Genetic testing in cancer care is a relatively new element of the field, but some experts are looking to it to help prevent and understand prostate cancer in racially diverse populations.
At the 2019 Prostate Cancer Consensus Conference, prostate cancer experts gathered along with genetic counseling experts to discuss the implementation of genetic testing for treating patients with inherited prostate cancer.
During one of the presentations Curtis A. Pettaway, MD, presented on germline predisposition in males from racially diverse populations.
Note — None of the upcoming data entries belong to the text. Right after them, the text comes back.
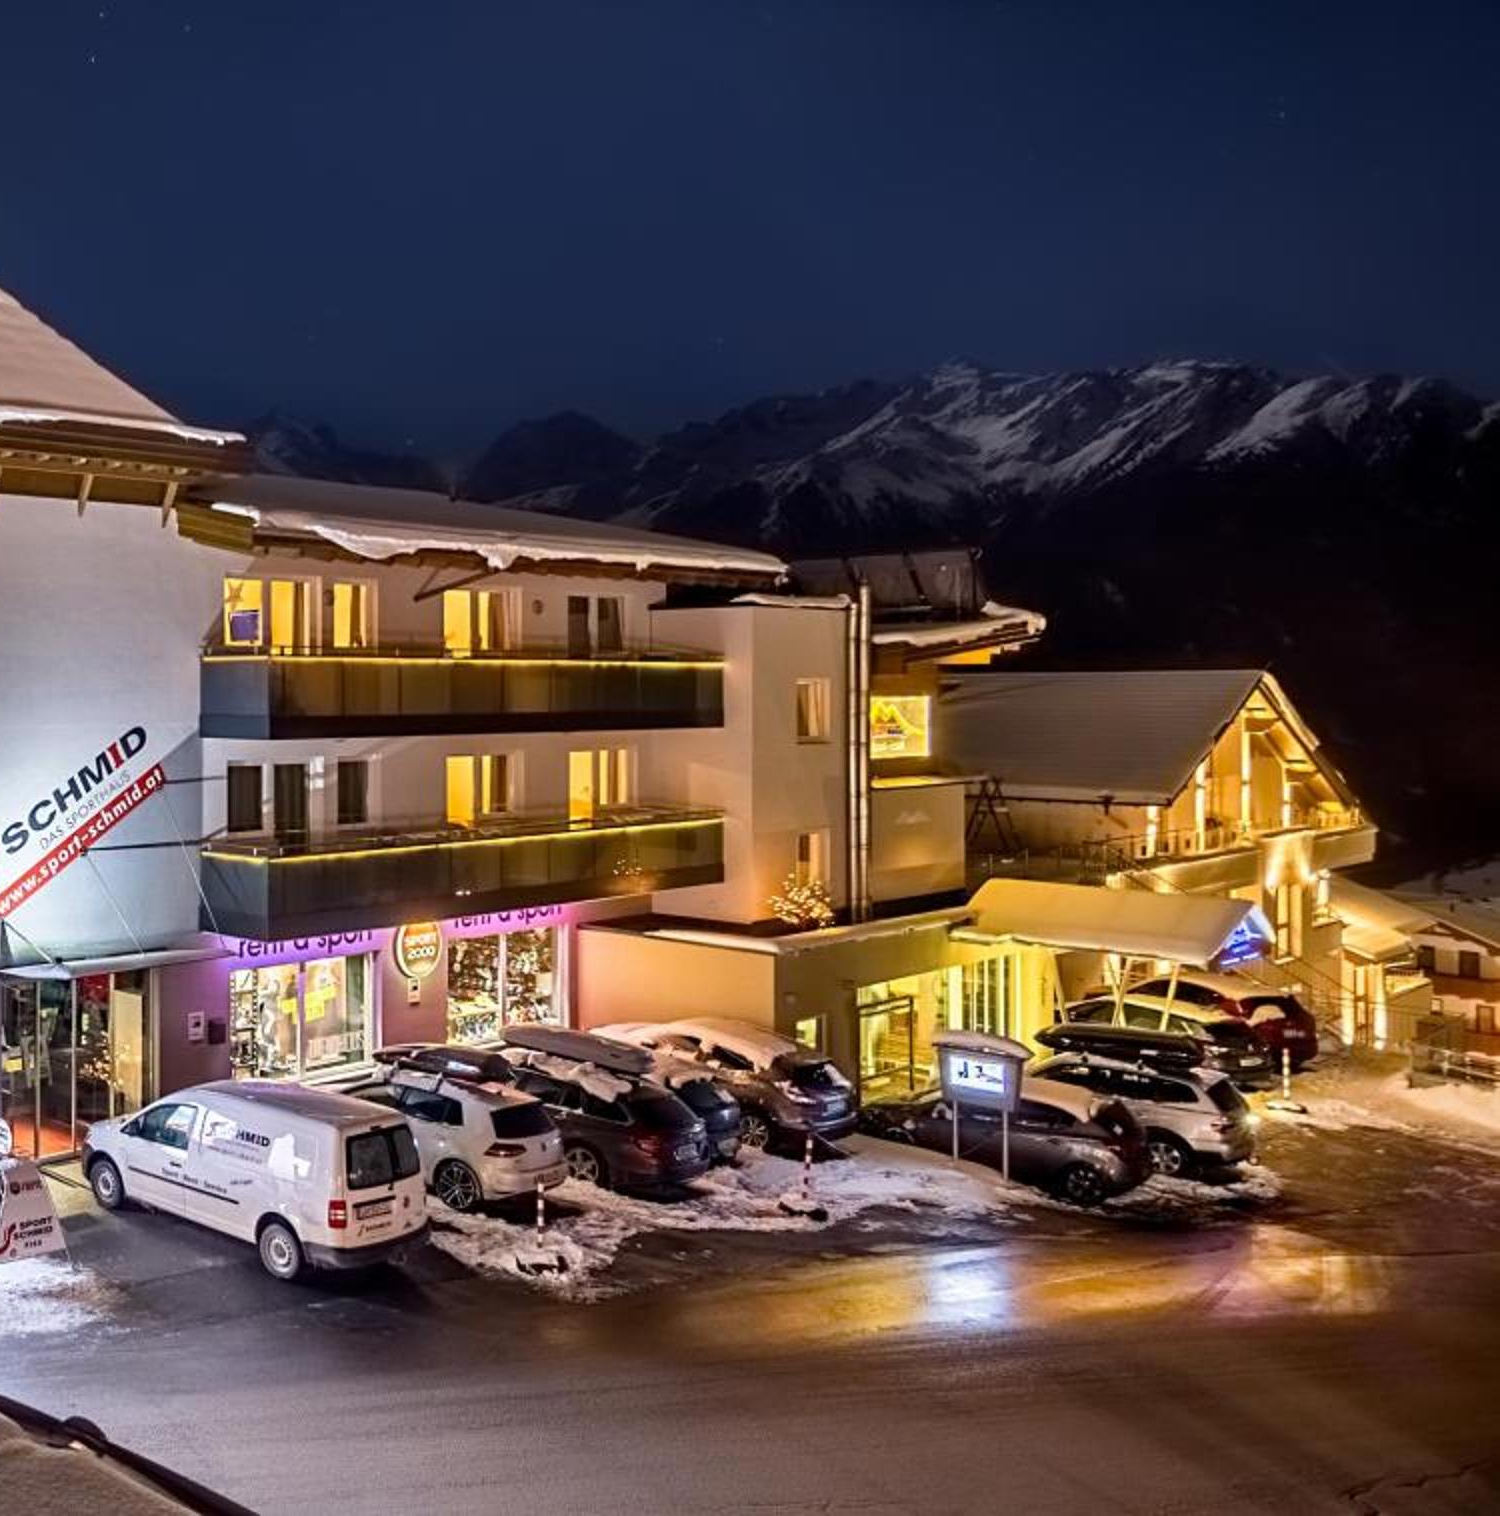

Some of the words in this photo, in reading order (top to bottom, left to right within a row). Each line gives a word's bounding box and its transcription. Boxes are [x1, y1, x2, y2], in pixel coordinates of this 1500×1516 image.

[1, 725, 147, 855] SCHMID
[39, 822, 65, 851] DAS
[66, 769, 132, 829] SPORTHAUS
[13, 1225, 54, 1241] SCHMID
[19, 1215, 53, 1230] SPORT
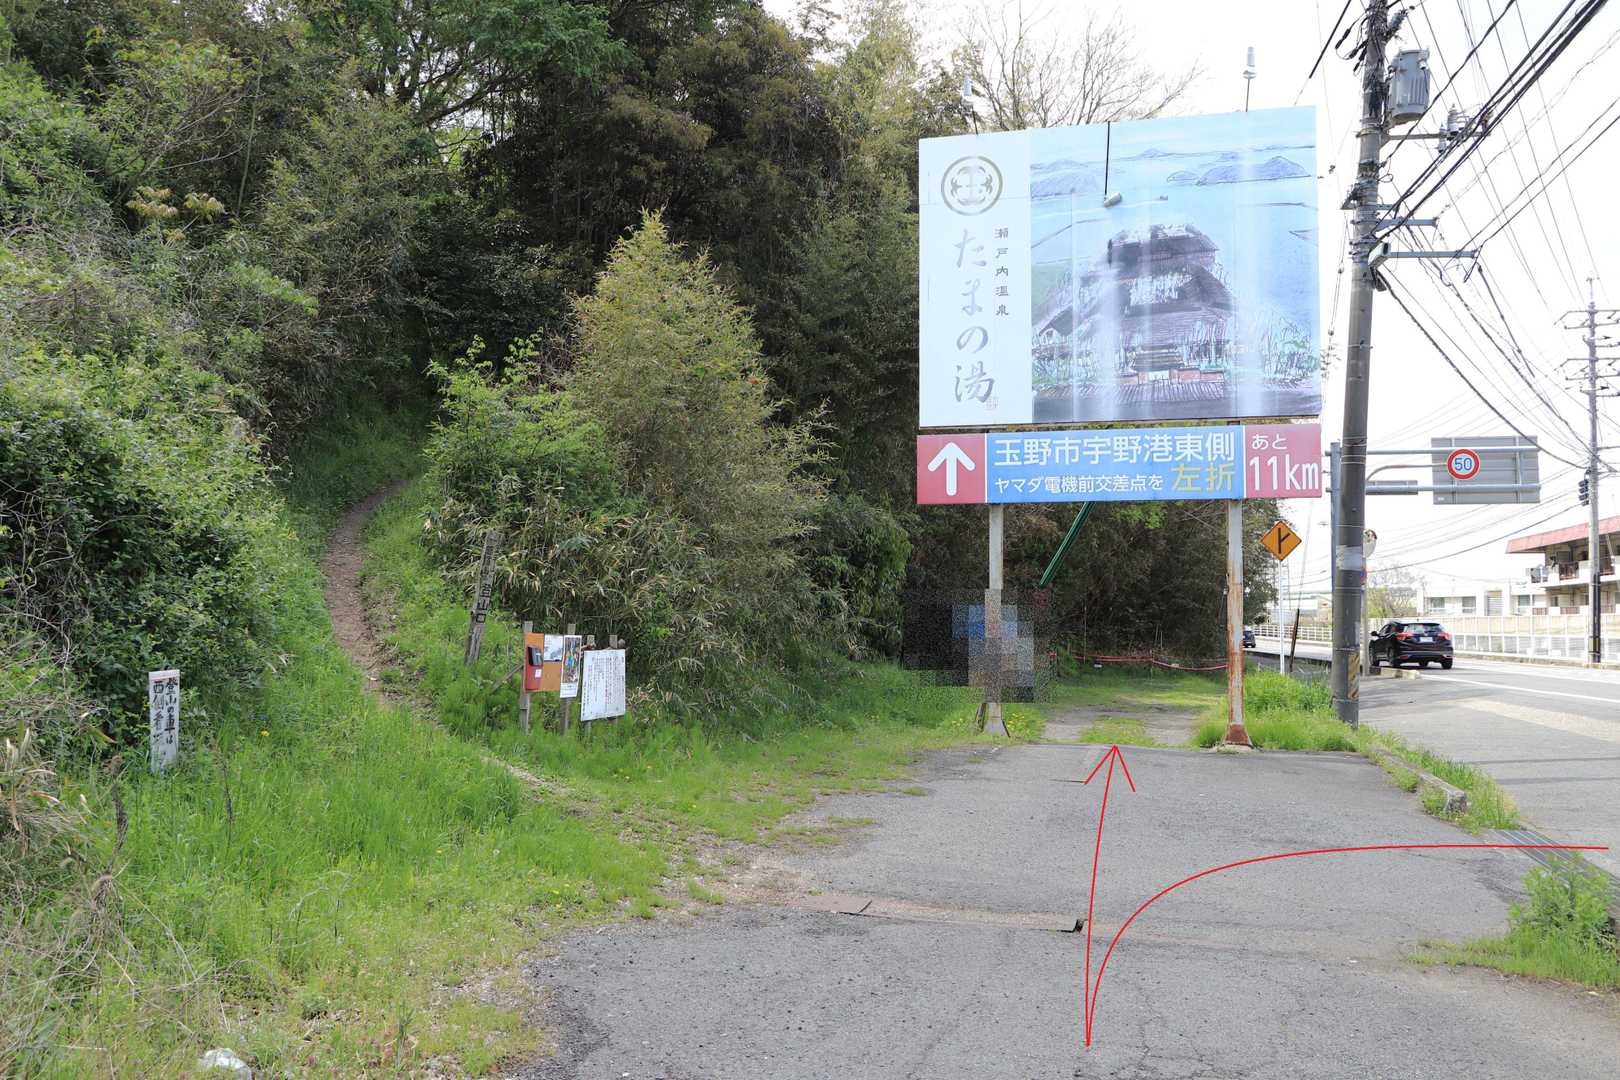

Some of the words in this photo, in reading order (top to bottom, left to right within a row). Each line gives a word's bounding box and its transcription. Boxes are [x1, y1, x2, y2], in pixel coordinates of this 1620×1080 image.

[953, 228, 995, 403] たまの湯
[994, 432, 1235, 466] 玉野市宇野港東側
[1251, 434, 1288, 450] あと
[994, 473, 1164, 494] ヤマダ電機前交差点を
[1170, 462, 1236, 493] 左折
[1249, 454, 1319, 491] 11km
[1454, 457, 1473, 471] 50
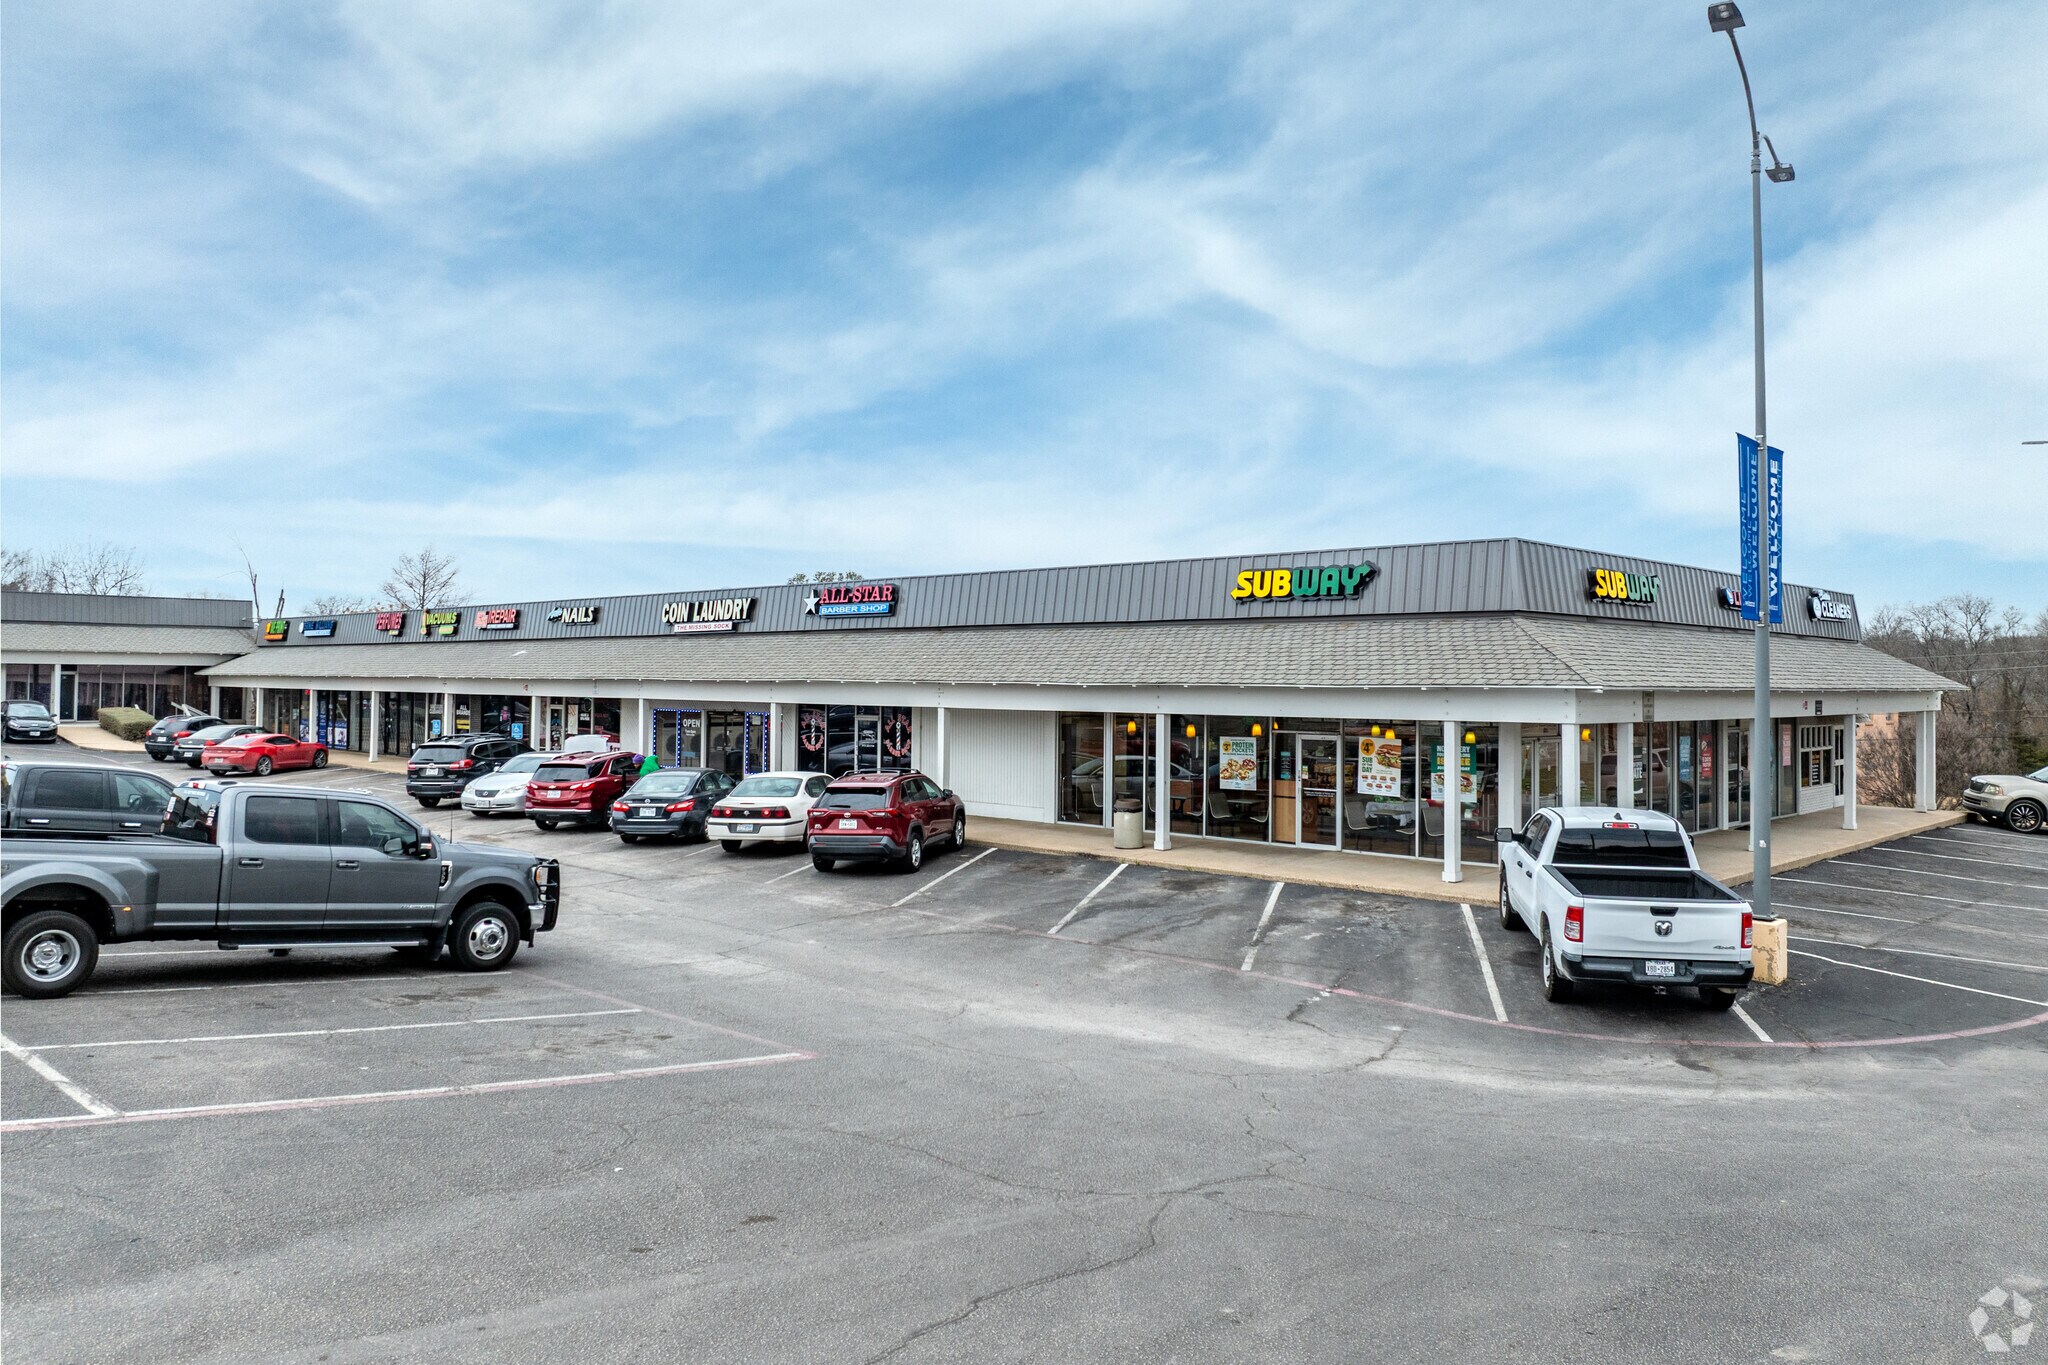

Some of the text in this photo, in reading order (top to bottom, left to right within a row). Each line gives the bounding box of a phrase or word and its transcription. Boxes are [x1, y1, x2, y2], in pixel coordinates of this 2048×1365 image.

Highlighting the importance of more research needed to be down in these populations to understand how to prevent and treat their illness better.
Pettaway, a professor of medicine at The University of Texas MD Anderson Cancer Center, Houston, Texas, had the chance to sit down with OncLive®, a sister publication to Oncology Nursing News®, and discuss genetic testing recommendations in patients from racially diverse populations.
You know, there are testing recommendations now, certainly through the National Comprehensive Cancer Network, and men are being referred for testing, specifically prostate cancer patients are being referred. And when we look at the set of genes that would be remit recommended by the NCCN, we see that these same genes are seen in racially diverse populations.
They're seen in African American patients they're seen in Hispanic patients; they're seen in Asian patients. Some of the mutations look like they might be a little lower, in fact, in African American and Hispanic patients such as mutations and BRCA 1 and 2 the ATM gene.